● What you will do: Retype every entry below exactly as it stands.

+++ Materials provided +++

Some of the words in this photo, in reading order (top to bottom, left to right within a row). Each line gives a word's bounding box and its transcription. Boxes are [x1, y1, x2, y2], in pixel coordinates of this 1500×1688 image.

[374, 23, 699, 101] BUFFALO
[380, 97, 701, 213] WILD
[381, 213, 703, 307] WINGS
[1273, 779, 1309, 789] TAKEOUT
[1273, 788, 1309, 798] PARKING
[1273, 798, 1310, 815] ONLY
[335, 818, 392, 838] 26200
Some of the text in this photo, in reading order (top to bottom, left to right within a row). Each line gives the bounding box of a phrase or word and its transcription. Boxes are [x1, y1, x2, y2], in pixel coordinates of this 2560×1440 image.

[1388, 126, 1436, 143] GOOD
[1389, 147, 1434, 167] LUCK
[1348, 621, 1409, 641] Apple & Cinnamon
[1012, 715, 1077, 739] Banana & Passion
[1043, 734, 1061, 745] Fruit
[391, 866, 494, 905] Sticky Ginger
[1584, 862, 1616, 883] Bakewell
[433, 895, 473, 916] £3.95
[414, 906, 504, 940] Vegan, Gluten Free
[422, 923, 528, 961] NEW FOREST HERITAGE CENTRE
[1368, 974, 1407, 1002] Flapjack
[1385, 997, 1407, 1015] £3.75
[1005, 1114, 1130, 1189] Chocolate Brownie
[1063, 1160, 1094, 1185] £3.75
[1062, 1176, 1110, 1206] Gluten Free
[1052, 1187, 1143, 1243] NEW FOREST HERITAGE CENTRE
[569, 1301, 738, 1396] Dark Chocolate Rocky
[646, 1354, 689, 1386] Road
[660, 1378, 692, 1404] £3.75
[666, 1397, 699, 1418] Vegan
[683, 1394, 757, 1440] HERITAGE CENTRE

+++

● Written response:
Some of the words in this photo, in reading order (top to bottom, left to right within a row). Each line gives a word's bounding box and its transcription. Boxes are [x1, y1, x2, y2], in pixel coordinates of this 1500×1688 image.

[374, 23, 699, 101] BUFFALO
[380, 97, 701, 213] WILD
[381, 213, 703, 307] WINGS
[1273, 779, 1309, 789] TAKEOUT
[1273, 788, 1309, 798] PARKING
[1273, 798, 1310, 815] ONLY
[335, 818, 392, 838] 26200
Some of the text in this photo, in reading order (top to bottom, left to right within a row). Each line gives the bounding box of a phrase or word and its transcription. Boxes are [x1, y1, x2, y2], in pixel coordinates of this 2560×1440 image.

[1388, 126, 1436, 143] GOOD
[1389, 147, 1434, 167] LUCK
[1348, 621, 1409, 641] Apple & Cinnamon
[1012, 715, 1077, 739] Banana & Passion
[1043, 734, 1061, 745] Fruit
[391, 866, 494, 905] Sticky Ginger
[1584, 862, 1616, 883] Bakewell
[433, 895, 473, 916] £3.95
[414, 906, 504, 940] Vegan, Gluten Free
[422, 923, 528, 961] NEW FOREST HERITAGE CENTRE
[1368, 974, 1407, 1002] Flapjack
[1385, 997, 1407, 1015] £3.75
[1005, 1114, 1130, 1189] Chocolate Brownie
[1063, 1160, 1094, 1185] £3.75
[1062, 1176, 1110, 1206] Gluten Free
[1052, 1187, 1143, 1243] NEW FOREST HERITAGE CENTRE
[569, 1301, 738, 1396] Dark Chocolate Rocky
[646, 1354, 689, 1386] Road
[660, 1378, 692, 1404] £3.75
[666, 1397, 699, 1418] Vegan
[683, 1394, 757, 1440] HERITAGE CENTRE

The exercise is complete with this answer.